Dr. Kennedy examined Claimant on January 14, 2001. Dr. Kennedy reviewed Claimant's two MRI's, CT/myelogram, and EMG. Dr. Kennedy agreed with the various radiologists' interpretation of those films. Claimant's examination revealed no restriction of Claimant's lumbar spine with forward bending; slight limitation in extension; and negative SLR for sciatica. Dr. Kennedy concluded Claimant had subjective complaints after the January 2000 accident. Dr. Kennedy found no evidence of neurologic deficit, and noted all studies failed to show nerve root compression. Dr. Kennedy also noted the mild L5 radiculopathy found on EMG, and noted it was not verified by Claimant's radiographic studies. Dr. Kennedy did not find Claimant to be a surgical candidate, found Claimant's symptoms to be out of proportion to his objective studies, and also believed Claimant could be more active than he was. Dr. Kennedy found Claimant to be at maximum medical improvement (MMI), and did not place any restrictions on Claimant's activity.

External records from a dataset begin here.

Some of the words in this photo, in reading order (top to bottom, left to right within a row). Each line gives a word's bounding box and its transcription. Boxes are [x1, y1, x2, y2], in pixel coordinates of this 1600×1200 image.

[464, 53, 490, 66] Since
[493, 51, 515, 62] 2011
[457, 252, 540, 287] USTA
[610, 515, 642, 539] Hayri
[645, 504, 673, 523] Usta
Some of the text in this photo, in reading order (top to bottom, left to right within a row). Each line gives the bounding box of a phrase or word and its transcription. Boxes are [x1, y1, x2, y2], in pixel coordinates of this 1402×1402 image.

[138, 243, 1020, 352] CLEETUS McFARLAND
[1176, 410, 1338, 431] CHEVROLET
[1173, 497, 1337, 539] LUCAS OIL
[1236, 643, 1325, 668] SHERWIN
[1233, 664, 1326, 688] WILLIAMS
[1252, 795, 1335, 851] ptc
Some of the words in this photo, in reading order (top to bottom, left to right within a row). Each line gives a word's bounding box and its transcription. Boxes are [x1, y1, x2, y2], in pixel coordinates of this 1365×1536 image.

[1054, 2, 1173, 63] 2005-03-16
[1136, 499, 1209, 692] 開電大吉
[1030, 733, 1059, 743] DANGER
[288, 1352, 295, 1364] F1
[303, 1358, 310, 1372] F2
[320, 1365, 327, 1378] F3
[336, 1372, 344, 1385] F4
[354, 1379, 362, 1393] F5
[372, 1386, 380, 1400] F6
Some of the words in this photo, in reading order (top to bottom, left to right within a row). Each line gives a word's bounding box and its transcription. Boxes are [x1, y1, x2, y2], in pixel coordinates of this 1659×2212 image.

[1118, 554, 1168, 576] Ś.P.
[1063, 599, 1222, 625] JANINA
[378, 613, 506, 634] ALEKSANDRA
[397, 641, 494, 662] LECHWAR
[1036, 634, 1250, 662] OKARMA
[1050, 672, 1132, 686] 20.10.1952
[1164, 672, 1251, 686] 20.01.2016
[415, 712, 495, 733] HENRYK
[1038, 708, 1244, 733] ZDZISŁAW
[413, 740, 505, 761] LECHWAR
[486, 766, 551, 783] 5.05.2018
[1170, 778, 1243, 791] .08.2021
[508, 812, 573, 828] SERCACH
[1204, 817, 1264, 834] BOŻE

Claimant remained under the care of Dr. Spezia, and on March 8, 2001 through June 29, 2001, Claimant underwent additional epidural lumbar steroid injections by Dr. Chen. Dr. Spezia next referred Claimant to neurosurgeon, Dr. Sheehan. Dr. Sheehan examined Claimant on August 31, 2001. Following examination Dr. Sheehan diagnosed Claimant with chronic pain, etiology unknown. Dr. Sheehan noted during Claimant's exam his ability to only reach six inches above his knees with forward flexion, and Dr. Sheehan observed "interesting he was in the seated position and I extended both legs out to 90 degrees, he had some low back pain, but not severe. This indicates the range of motion of his back is much greater than he was willing to do with the toe touch instructions." Dr. Sheehan recommended Claimant undergo a discogram, and if the discogram was positive, he would be willing to offer Claimant the option of undergoing a lumbar fusion.
On February 11, 2002, Claimant underwent a post discogram CT of his lumbar spine. The CT demonstrated no abnormal findings at L4-5; a degenerative contrast pattern at L5-S1 with no discrete focal disc protrusion, and no nerve root compression; and patent foramina at S1-2. The radiologist indicated at positive discogram finding at L5.